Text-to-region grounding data
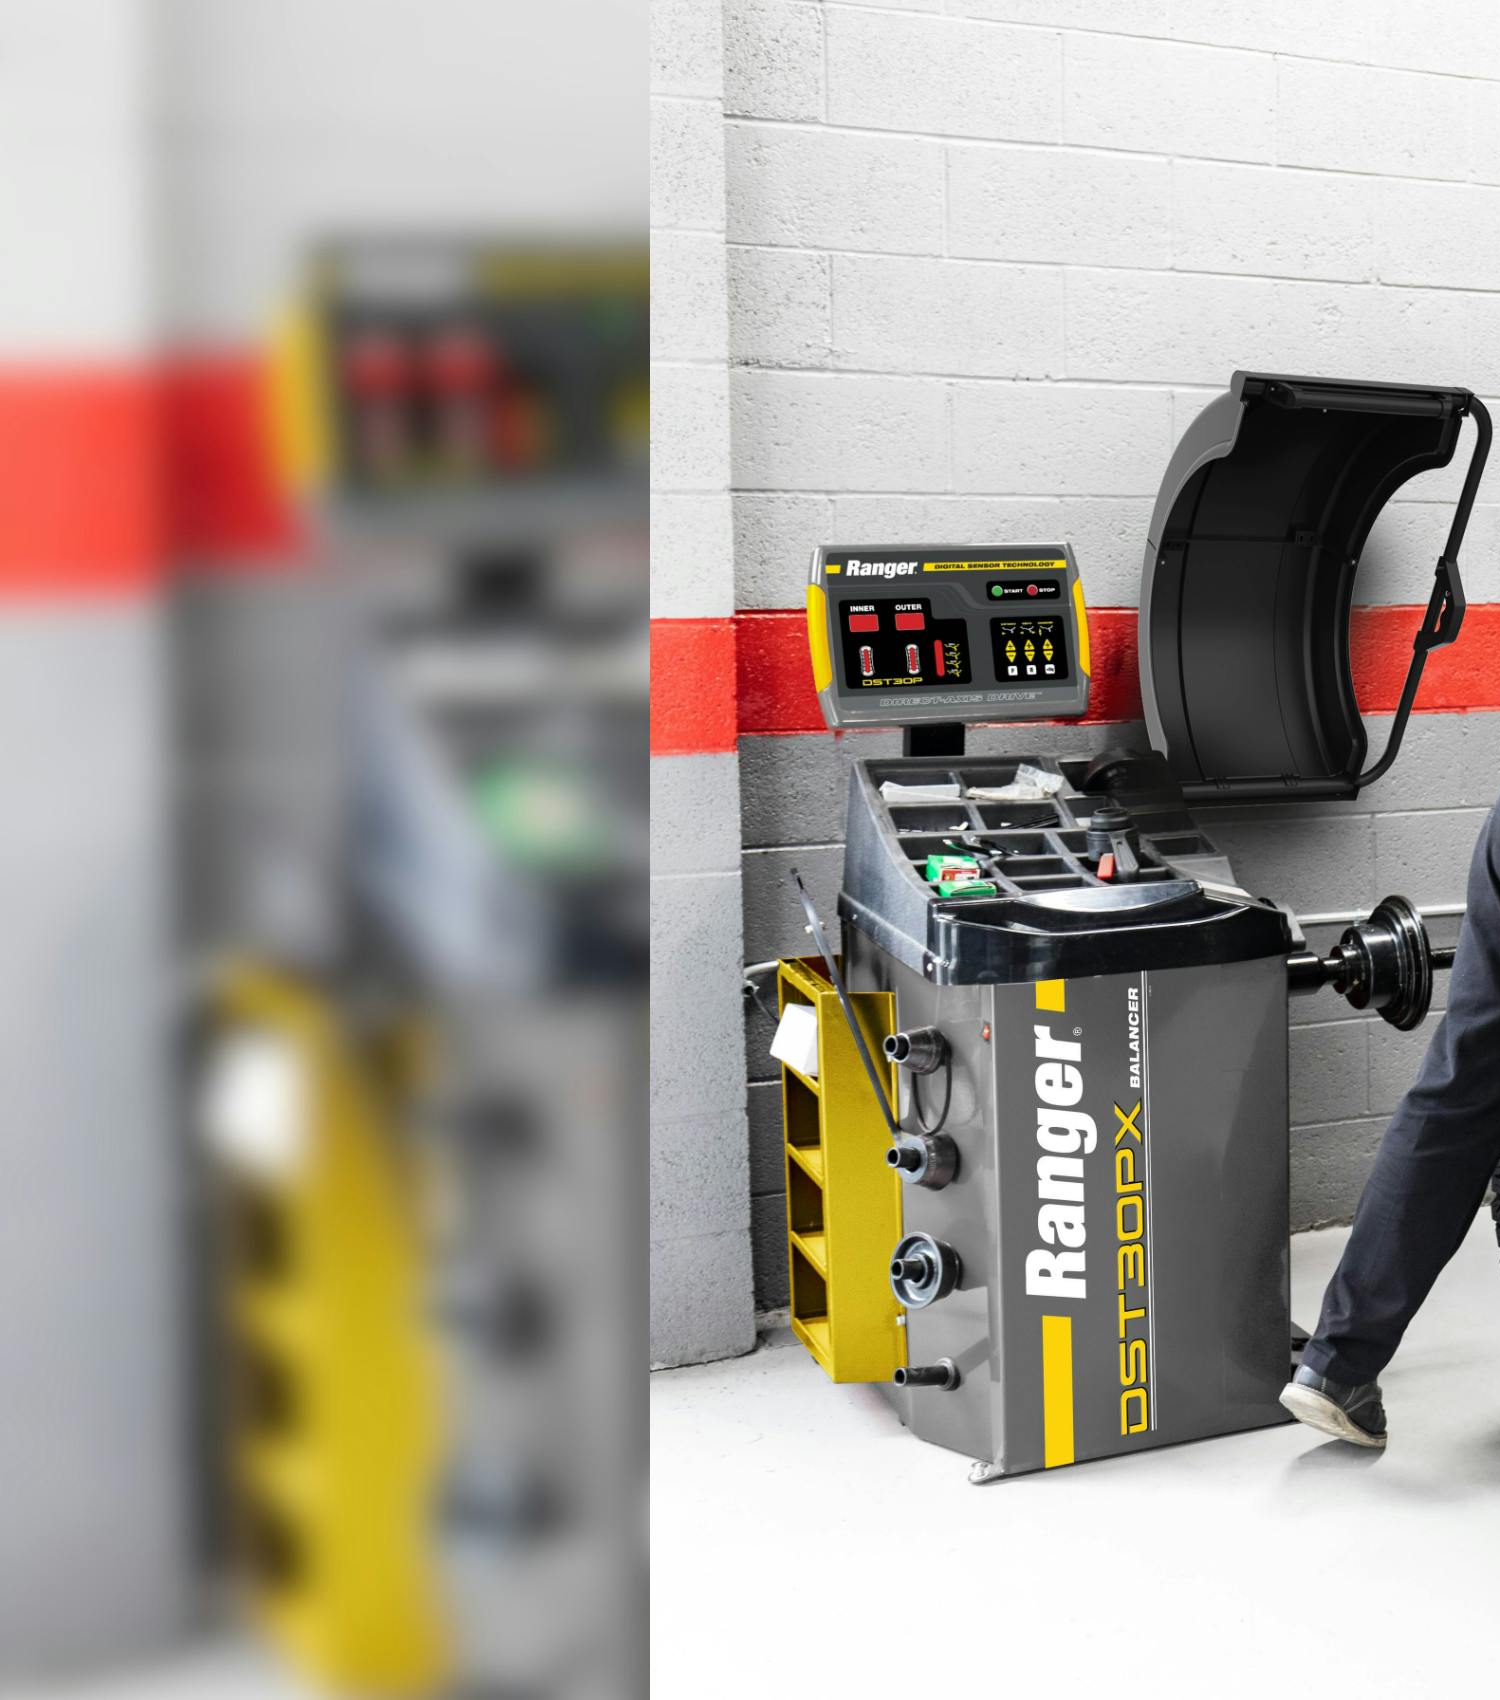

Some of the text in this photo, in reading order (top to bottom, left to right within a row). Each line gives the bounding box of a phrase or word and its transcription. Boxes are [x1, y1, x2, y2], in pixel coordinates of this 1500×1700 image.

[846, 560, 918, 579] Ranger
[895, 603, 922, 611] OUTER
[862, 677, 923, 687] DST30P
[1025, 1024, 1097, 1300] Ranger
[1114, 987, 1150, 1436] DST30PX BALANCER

▶ [Goal of the exercise] Would you reproduce the lines above exactly, without carrying over the pictures?

▶ [Result of this task]
Some of the text in this photo, in reading order (top to bottom, left to right within a row). Each line gives the bounding box of a phrase or word and its transcription. Boxes are [x1, y1, x2, y2], in pixel coordinates of this 1500×1700 image.

[846, 560, 918, 579] Ranger
[895, 603, 922, 611] OUTER
[862, 677, 923, 687] DST30P
[1025, 1024, 1097, 1300] Ranger
[1114, 987, 1150, 1436] DST30PX BALANCER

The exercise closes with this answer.